In the UK several specialties may be involved in the surgical management of cutaneous malignancies from dermatologists to plastic and maxillofacial surgeons. Surgery is the predominant treatment for these, however, we are now seeing alternative options from immunotherapy to radiotherapy and this book highlights the multitude of advancing treatment options available for these types of tumours.

Prevention: this first chapter is what we all strive for and is clearly discussed in terms of primary and secondary prevention. The subsection on chemo-prevention is in-depth and covers immune modulators, chemical peels, photodynamic therapy, to name just a few. Referral and follow-up for both melanoma and non-melanoma skin cancers are also covered, including a section on genetic testing.

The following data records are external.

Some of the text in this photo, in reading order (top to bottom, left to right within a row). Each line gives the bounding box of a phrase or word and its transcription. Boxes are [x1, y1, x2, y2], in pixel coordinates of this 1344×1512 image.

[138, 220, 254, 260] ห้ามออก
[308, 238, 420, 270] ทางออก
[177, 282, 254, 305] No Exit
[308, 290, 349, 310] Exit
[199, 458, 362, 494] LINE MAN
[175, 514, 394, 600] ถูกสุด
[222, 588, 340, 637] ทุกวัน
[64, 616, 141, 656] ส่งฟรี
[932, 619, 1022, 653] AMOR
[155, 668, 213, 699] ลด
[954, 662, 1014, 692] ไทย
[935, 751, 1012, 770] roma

Getting down to the nitty gritty aspects in chapter two, clinical detection. This is especially important as early detection is key to favourable outcomes. Biopsies and the role of dermoscopy, as well as an interesting part on artificial intelligence machines, are nicely covered and lead on to the chapter on treatment of squames and basal cell carcinomas. Risk factors are thoroughly discussed alongside clinical features, presentation, biopsy techniques and then approaches to treatment. This section delves into topical therapies, photodynamic therapy, radiotherapy and targeted treatments before coming to surgical modalities.

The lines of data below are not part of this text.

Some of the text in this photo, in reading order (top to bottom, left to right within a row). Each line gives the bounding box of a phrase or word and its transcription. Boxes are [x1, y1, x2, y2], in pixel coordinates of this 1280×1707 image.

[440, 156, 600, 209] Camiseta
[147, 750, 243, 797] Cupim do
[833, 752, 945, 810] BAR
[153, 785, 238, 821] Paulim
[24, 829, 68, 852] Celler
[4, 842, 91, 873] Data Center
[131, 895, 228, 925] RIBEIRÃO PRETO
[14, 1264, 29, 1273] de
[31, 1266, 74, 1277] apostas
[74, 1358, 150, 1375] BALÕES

There is a chapter specific to surgical management of cutaneous malignancies which even discusses immediate vs. delayed reconstruction for these types of tumours. Rare skin malignancies are then focused upon, with sections on workup and staging. Throughout this book there are fantastic illustrations and photographs of real clinical cases, histopathological slides and even surgical markings, excision and reconstruction images which are great for surgical trainees or specialty grade surgeons that are beginning to perform these procedures independently. Mohs micrographic surgery has played such an imperative part in these treatments given its tissue sparing nature and it is great to see a whole chapter dedicated to it. There is a fabulous surgical flowchart covering tumour extirpation, mapping and histologic processing that also discusses integrating Mohs into your surgical practice.

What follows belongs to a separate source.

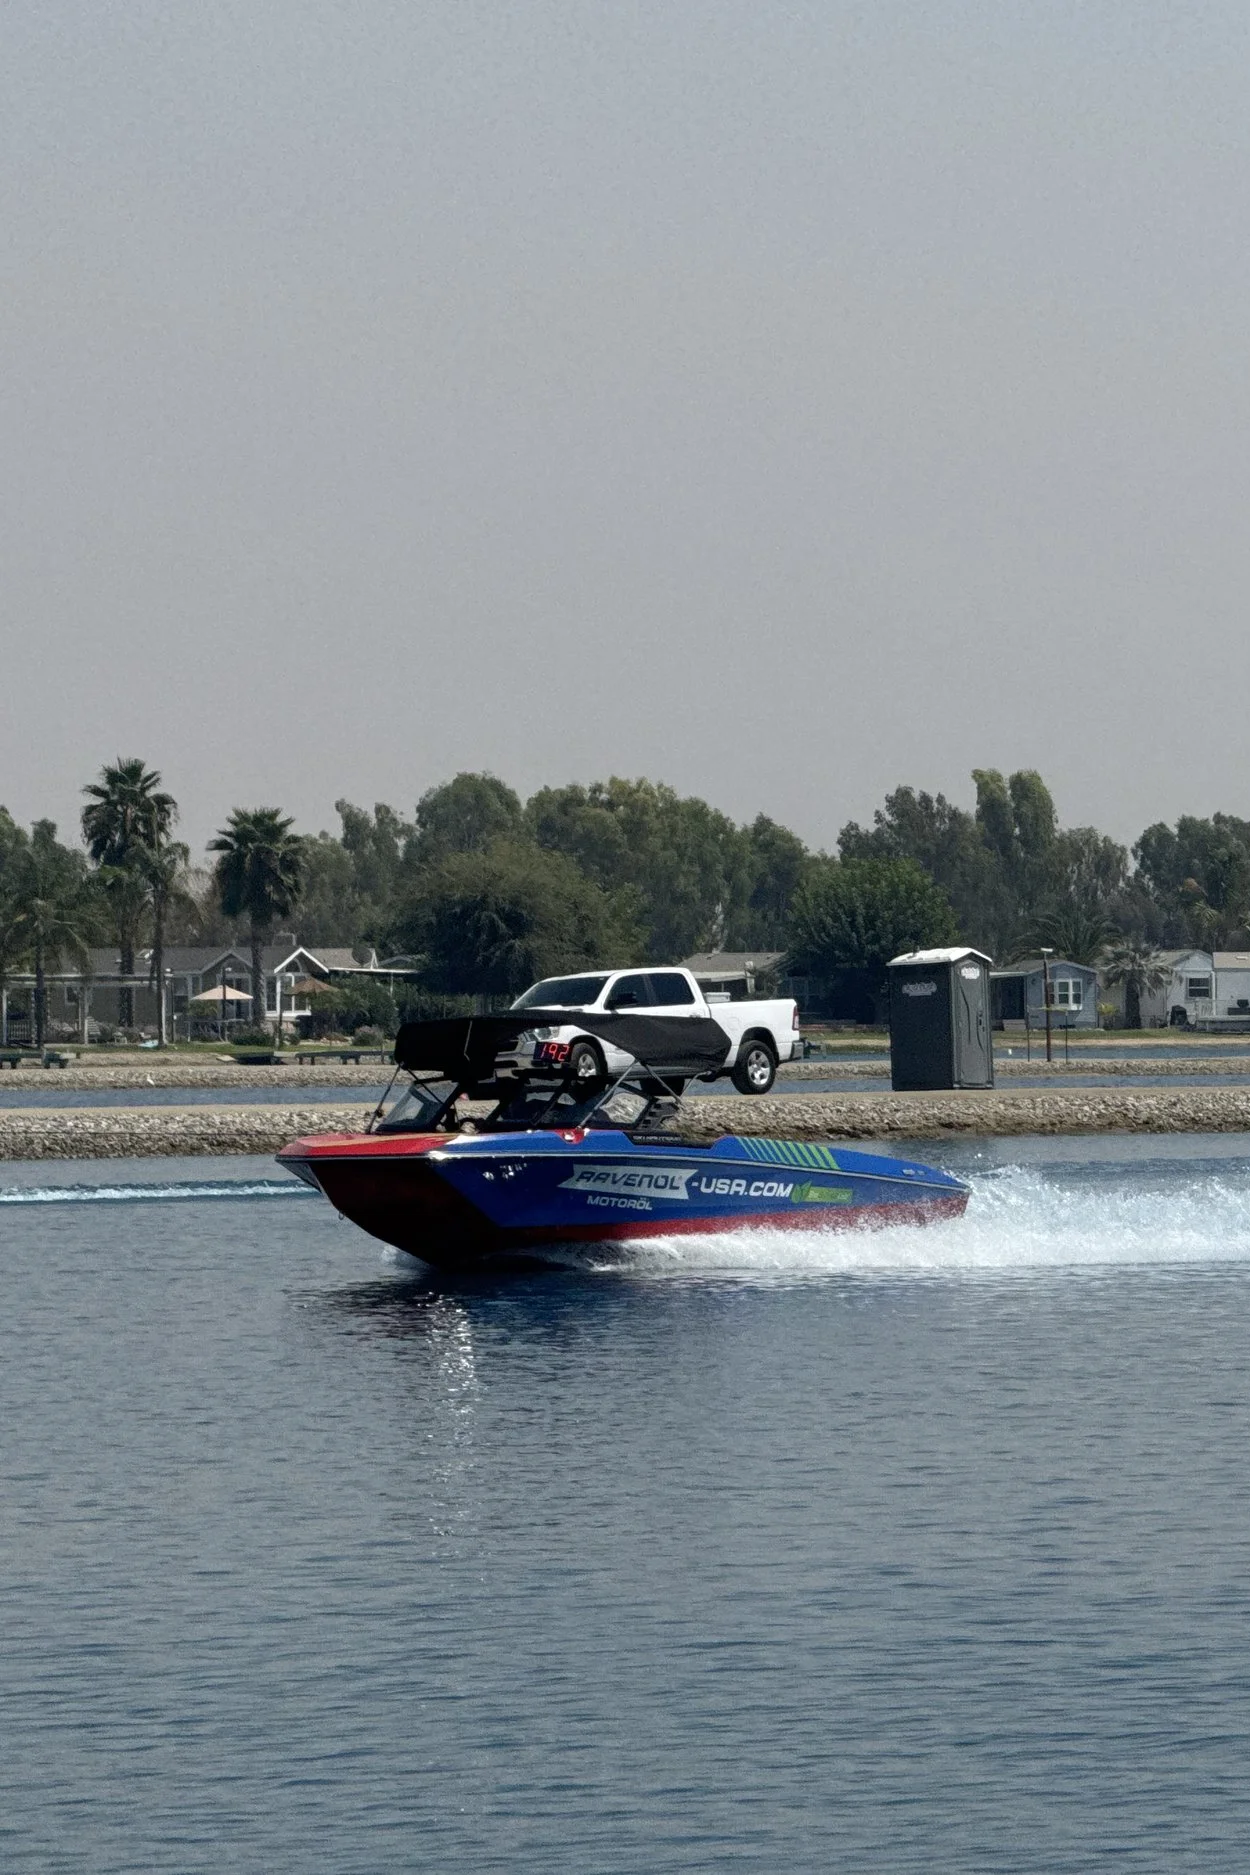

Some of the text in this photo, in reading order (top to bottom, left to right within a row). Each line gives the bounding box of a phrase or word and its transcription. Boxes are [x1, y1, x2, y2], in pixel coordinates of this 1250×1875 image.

[540, 1042, 570, 1062] 192
[575, 1170, 682, 1191] RAVENOL
[586, 1194, 653, 1211] MOTORÖL

The radiotherapy chapter is excellent; superior details and images including beam arrangements help you understand the mechanism of treatment, especially if you have not had much exposure to this in your surgical career.

There is a chapter solely discussing surgical reconstruction techniques for facial skin cancers followed by one on operative lymphadenopathy. Both are very well written with great images, a recurring theme throughout this book.

The penultimate chapter covers dermatopathology, and does so exceptionally well, with images and explanations that help simplify histology for even the most junior members of the team.

All in all, this is a great reference text and one that should be included in your library if you are involved with or perform any dermatological surgery.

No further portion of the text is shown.